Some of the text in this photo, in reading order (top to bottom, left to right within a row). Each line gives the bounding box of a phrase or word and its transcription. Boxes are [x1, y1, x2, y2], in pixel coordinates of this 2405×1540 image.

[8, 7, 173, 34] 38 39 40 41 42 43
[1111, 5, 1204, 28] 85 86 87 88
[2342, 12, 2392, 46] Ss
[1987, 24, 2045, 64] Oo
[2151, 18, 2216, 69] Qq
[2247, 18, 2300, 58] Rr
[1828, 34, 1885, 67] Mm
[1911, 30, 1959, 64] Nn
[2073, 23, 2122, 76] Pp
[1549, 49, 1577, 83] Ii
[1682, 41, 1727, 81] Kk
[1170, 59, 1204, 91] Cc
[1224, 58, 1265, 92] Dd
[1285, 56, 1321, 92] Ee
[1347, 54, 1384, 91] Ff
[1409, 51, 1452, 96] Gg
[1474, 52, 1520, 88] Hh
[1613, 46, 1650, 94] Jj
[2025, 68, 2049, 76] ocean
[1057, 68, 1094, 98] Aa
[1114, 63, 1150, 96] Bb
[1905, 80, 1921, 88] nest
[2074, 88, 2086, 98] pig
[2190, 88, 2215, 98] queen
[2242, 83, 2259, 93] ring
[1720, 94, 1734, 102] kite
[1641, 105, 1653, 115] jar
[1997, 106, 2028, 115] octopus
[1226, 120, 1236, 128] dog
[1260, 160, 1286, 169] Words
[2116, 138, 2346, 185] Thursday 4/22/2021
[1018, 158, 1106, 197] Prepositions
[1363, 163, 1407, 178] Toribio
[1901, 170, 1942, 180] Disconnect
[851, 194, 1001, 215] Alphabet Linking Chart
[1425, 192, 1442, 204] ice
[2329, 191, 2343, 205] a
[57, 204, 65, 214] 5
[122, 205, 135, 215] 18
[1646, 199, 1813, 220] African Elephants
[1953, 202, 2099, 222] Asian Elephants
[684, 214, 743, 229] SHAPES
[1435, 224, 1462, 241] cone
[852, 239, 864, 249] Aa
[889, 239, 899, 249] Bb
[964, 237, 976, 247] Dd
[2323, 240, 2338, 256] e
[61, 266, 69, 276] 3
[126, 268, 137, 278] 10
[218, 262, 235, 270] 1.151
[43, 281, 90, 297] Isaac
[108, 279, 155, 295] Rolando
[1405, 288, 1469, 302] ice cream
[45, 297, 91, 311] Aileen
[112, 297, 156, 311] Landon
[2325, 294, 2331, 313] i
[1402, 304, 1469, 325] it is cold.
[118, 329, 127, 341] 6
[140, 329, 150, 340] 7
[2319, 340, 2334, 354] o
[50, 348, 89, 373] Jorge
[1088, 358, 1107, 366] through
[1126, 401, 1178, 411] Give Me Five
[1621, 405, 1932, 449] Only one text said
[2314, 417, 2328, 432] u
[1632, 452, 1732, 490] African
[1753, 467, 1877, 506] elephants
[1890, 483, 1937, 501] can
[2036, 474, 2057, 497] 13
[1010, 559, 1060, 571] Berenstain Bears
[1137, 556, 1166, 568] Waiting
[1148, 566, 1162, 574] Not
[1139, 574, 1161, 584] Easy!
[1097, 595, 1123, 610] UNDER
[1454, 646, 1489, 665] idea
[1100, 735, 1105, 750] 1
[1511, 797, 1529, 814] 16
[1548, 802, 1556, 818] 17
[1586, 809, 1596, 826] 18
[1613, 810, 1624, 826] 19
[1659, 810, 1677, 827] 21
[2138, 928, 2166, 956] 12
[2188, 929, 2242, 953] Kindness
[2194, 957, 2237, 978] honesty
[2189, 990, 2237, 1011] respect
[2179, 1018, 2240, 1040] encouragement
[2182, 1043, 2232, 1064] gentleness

┄┄┄┄┄┄┄┄┄┄

Exercise instructions: Every record must be output again with its wording unchanged.

Response:
Some of the text in this photo, in reading order (top to bottom, left to right within a row). Each line gives the bounding box of a phrase or word and its transcription. Boxes are [x1, y1, x2, y2], in pixel coordinates of this 2405×1540 image.

[8, 7, 173, 34] 38 39 40 41 42 43
[1111, 5, 1204, 28] 85 86 87 88
[2342, 12, 2392, 46] Ss
[1987, 24, 2045, 64] Oo
[2151, 18, 2216, 69] Qq
[2247, 18, 2300, 58] Rr
[1828, 34, 1885, 67] Mm
[1911, 30, 1959, 64] Nn
[2073, 23, 2122, 76] Pp
[1549, 49, 1577, 83] Ii
[1682, 41, 1727, 81] Kk
[1170, 59, 1204, 91] Cc
[1224, 58, 1265, 92] Dd
[1285, 56, 1321, 92] Ee
[1347, 54, 1384, 91] Ff
[1409, 51, 1452, 96] Gg
[1474, 52, 1520, 88] Hh
[1613, 46, 1650, 94] Jj
[2025, 68, 2049, 76] ocean
[1057, 68, 1094, 98] Aa
[1114, 63, 1150, 96] Bb
[1905, 80, 1921, 88] nest
[2074, 88, 2086, 98] pig
[2190, 88, 2215, 98] queen
[2242, 83, 2259, 93] ring
[1720, 94, 1734, 102] kite
[1641, 105, 1653, 115] jar
[1997, 106, 2028, 115] octopus
[1226, 120, 1236, 128] dog
[1260, 160, 1286, 169] Words
[2116, 138, 2346, 185] Thursday 4/22/2021
[1018, 158, 1106, 197] Prepositions
[1363, 163, 1407, 178] Toribio
[1901, 170, 1942, 180] Disconnect
[851, 194, 1001, 215] Alphabet Linking Chart
[1425, 192, 1442, 204] ice
[2329, 191, 2343, 205] a
[57, 204, 65, 214] 5
[122, 205, 135, 215] 18
[1646, 199, 1813, 220] African Elephants
[1953, 202, 2099, 222] Asian Elephants
[684, 214, 743, 229] SHAPES
[1435, 224, 1462, 241] cone
[852, 239, 864, 249] Aa
[889, 239, 899, 249] Bb
[964, 237, 976, 247] Dd
[2323, 240, 2338, 256] e
[61, 266, 69, 276] 3
[126, 268, 137, 278] 10
[218, 262, 235, 270] 1.151
[43, 281, 90, 297] Isaac
[108, 279, 155, 295] Rolando
[1405, 288, 1469, 302] ice cream
[45, 297, 91, 311] Aileen
[112, 297, 156, 311] Landon
[2325, 294, 2331, 313] i
[1402, 304, 1469, 325] it is cold.
[118, 329, 127, 341] 6
[140, 329, 150, 340] 7
[2319, 340, 2334, 354] o
[50, 348, 89, 373] Jorge
[1088, 358, 1107, 366] through
[1126, 401, 1178, 411] Give Me Five
[1621, 405, 1932, 449] Only one text said
[2314, 417, 2328, 432] u
[1632, 452, 1732, 490] African
[1753, 467, 1877, 506] elephants
[1890, 483, 1937, 501] can
[2036, 474, 2057, 497] 13
[1010, 559, 1060, 571] Berenstain Bears
[1137, 556, 1166, 568] Waiting
[1148, 566, 1162, 574] Not
[1139, 574, 1161, 584] Easy!
[1097, 595, 1123, 610] UNDER
[1454, 646, 1489, 665] idea
[1100, 735, 1105, 750] 1
[1511, 797, 1529, 814] 16
[1548, 802, 1556, 818] 17
[1586, 809, 1596, 826] 18
[1613, 810, 1624, 826] 19
[1659, 810, 1677, 827] 21
[2138, 928, 2166, 956] 12
[2188, 929, 2242, 953] Kindness
[2194, 957, 2237, 978] honesty
[2189, 990, 2237, 1011] respect
[2179, 1018, 2240, 1040] encouragement
[2182, 1043, 2232, 1064] gentleness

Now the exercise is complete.